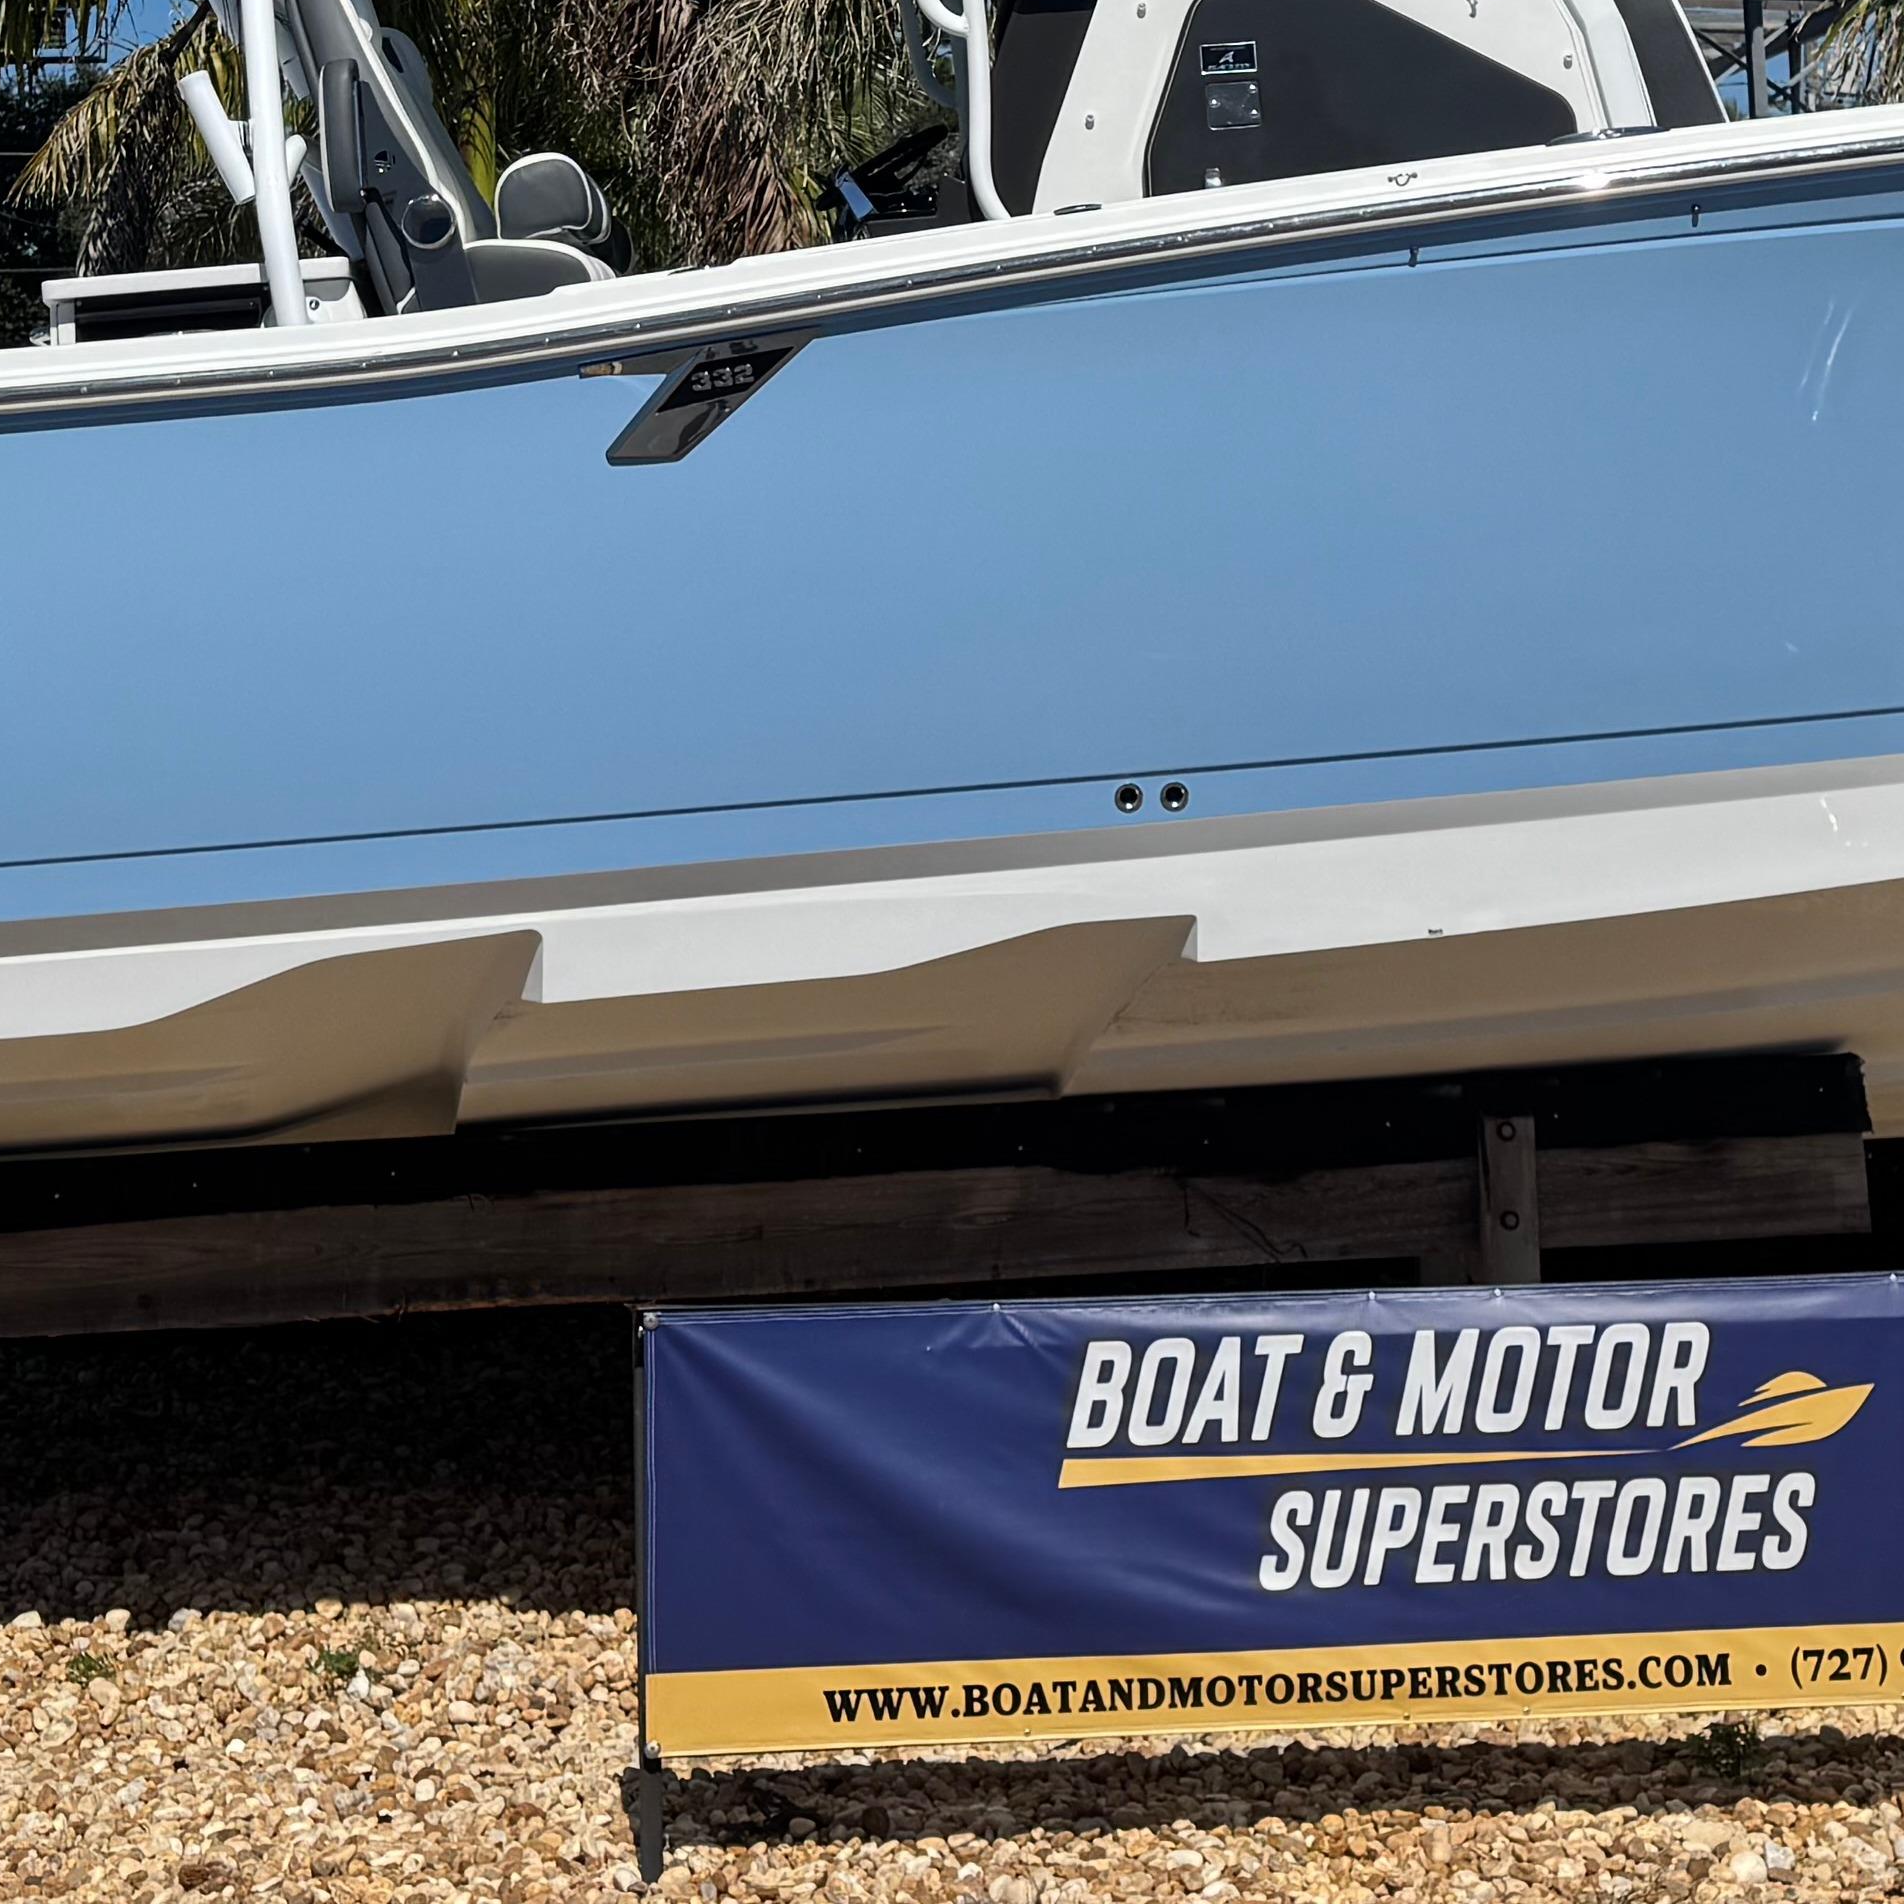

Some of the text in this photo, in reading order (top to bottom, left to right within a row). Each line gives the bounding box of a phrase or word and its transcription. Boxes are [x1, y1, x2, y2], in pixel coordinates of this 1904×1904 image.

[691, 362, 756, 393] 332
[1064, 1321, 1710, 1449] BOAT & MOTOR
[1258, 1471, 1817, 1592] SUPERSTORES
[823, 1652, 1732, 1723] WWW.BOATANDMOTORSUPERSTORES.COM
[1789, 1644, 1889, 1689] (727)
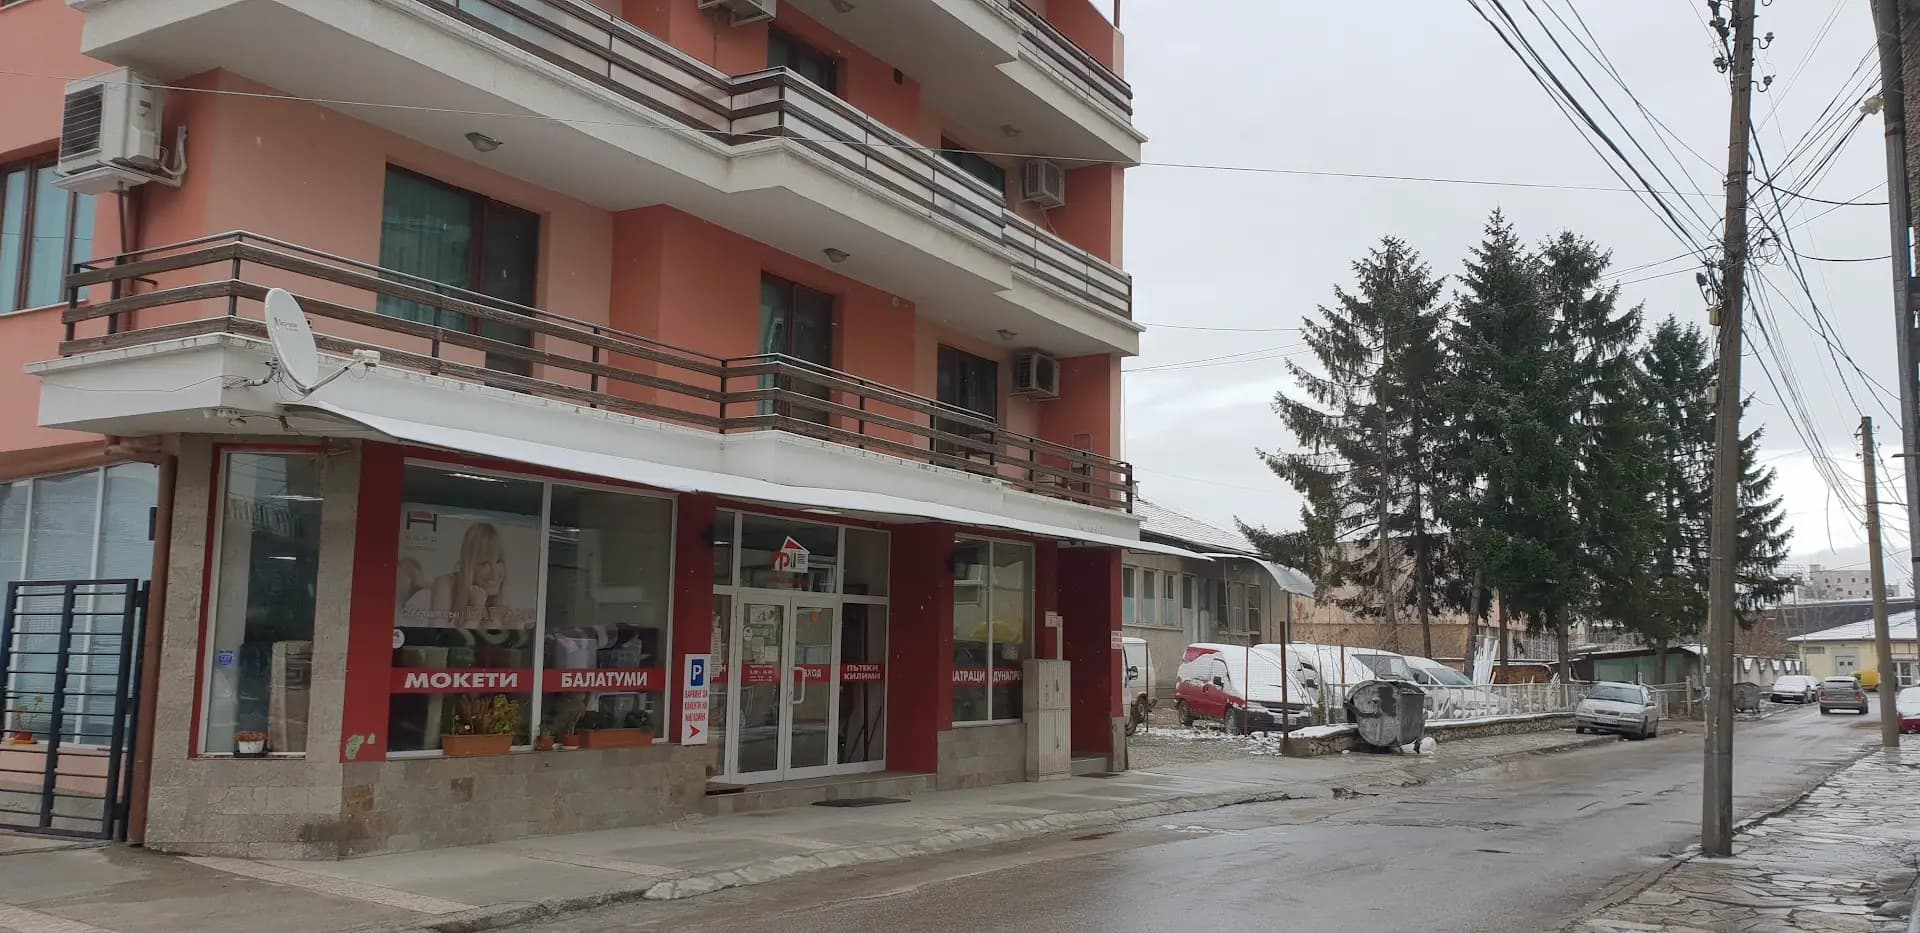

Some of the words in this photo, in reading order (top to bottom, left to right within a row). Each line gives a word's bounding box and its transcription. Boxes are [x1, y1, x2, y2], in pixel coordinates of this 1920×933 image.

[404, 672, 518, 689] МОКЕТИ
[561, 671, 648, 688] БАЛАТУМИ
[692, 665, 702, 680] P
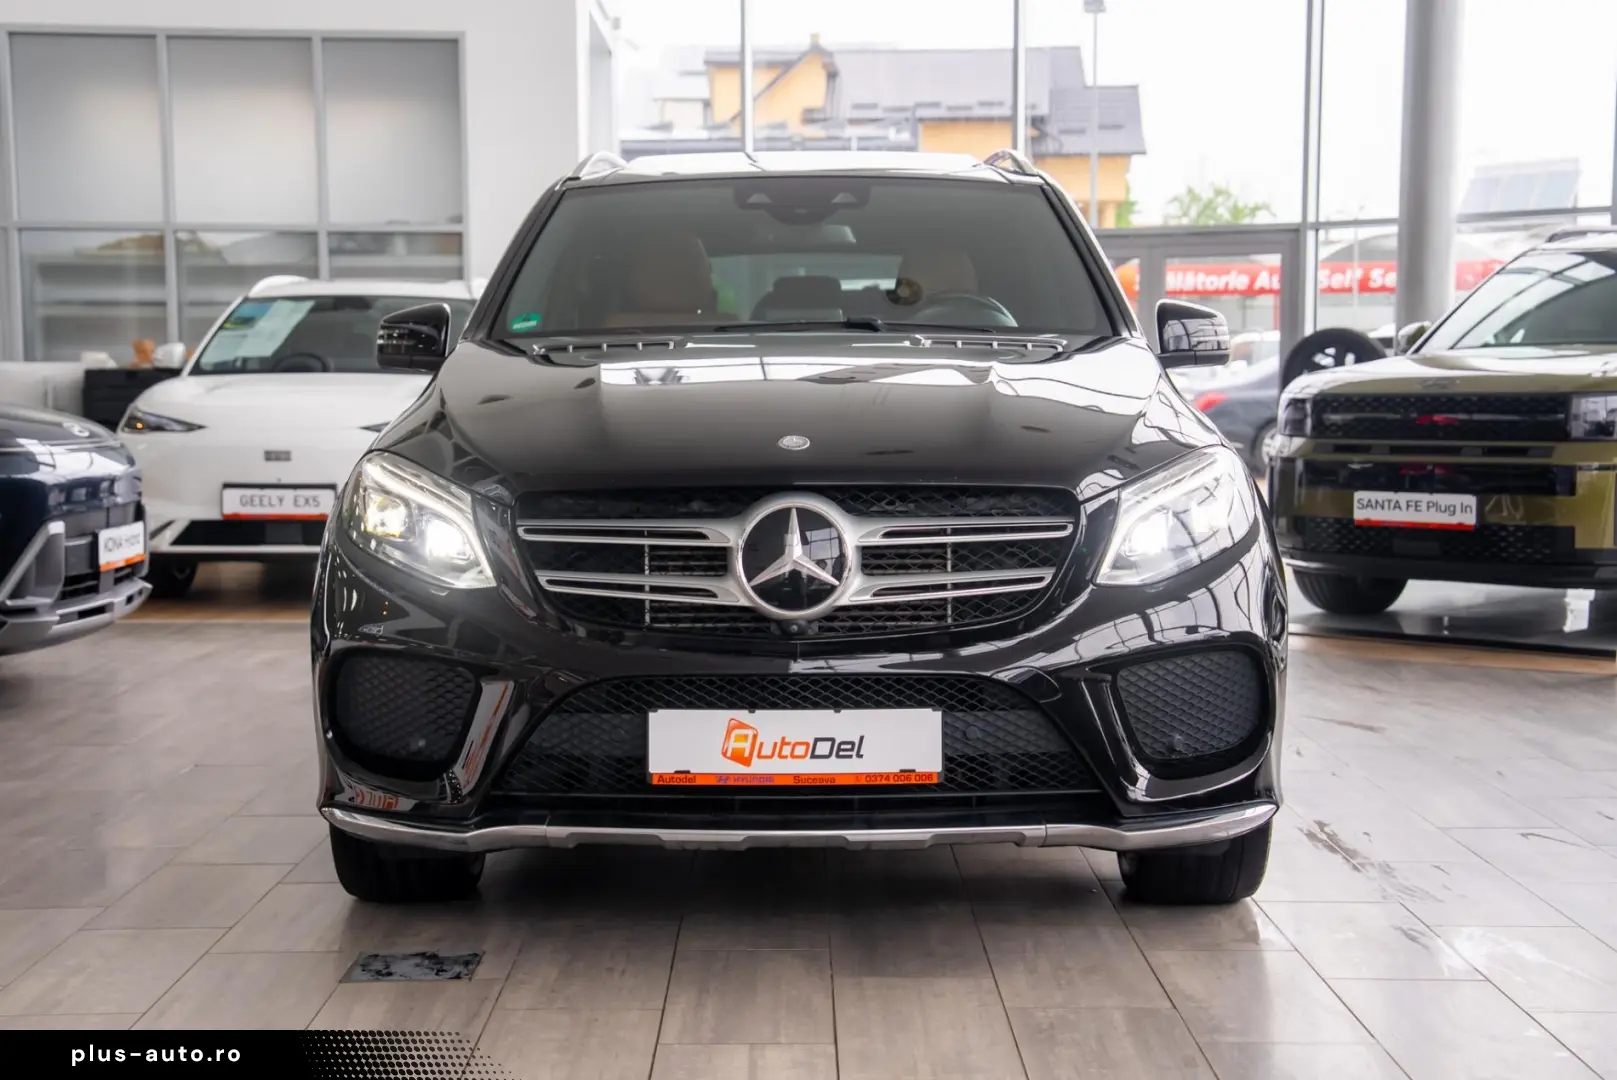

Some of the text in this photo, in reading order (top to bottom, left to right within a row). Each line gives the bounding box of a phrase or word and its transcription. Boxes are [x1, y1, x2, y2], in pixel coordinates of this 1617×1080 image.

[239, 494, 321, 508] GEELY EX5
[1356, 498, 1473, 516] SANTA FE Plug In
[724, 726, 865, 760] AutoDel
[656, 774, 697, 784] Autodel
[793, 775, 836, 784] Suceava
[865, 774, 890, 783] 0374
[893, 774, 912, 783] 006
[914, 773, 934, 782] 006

━━━━━━━━━━━━━━━━━━━━━━━━━━━━━━

GOAL OF THE EXERCISE —
Before duplicating the entries above, strip out the pictures and keep the rest exact.

RESULT OF THIS EXERCISE —
Some of the text in this photo, in reading order (top to bottom, left to right within a row). Each line gives the bounding box of a phrase or word and its transcription. Boxes are [x1, y1, x2, y2], in pixel coordinates of this 1904×1904 image.

[691, 362, 756, 393] 332
[1064, 1321, 1710, 1449] BOAT & MOTOR
[1258, 1471, 1817, 1592] SUPERSTORES
[823, 1652, 1732, 1723] WWW.BOATANDMOTORSUPERSTORES.COM
[1789, 1644, 1889, 1689] (727)

Some of the words in this photo, in reading order (top to bottom, left to right within a row). Each line gives a word's bounding box and its transcription. Boxes are [x1, y1, x2, y2], in pixel coordinates of this 1920×933 image.

[404, 672, 518, 689] МОКЕТИ
[561, 671, 648, 688] БАЛАТУМИ
[692, 665, 702, 680] P

Some of the text in this photo, in reading order (top to bottom, left to right within a row). Each line gives the bounding box of a phrase or word and its transcription. Boxes are [x1, y1, x2, y2], in pixel coordinates of this 1617×1080 image.

[239, 494, 321, 508] GEELY EX5
[1356, 498, 1473, 516] SANTA FE Plug In
[724, 726, 865, 760] AutoDel
[656, 774, 697, 784] Autodel
[793, 775, 836, 784] Suceava
[865, 774, 890, 783] 0374
[893, 774, 912, 783] 006
[914, 773, 934, 782] 006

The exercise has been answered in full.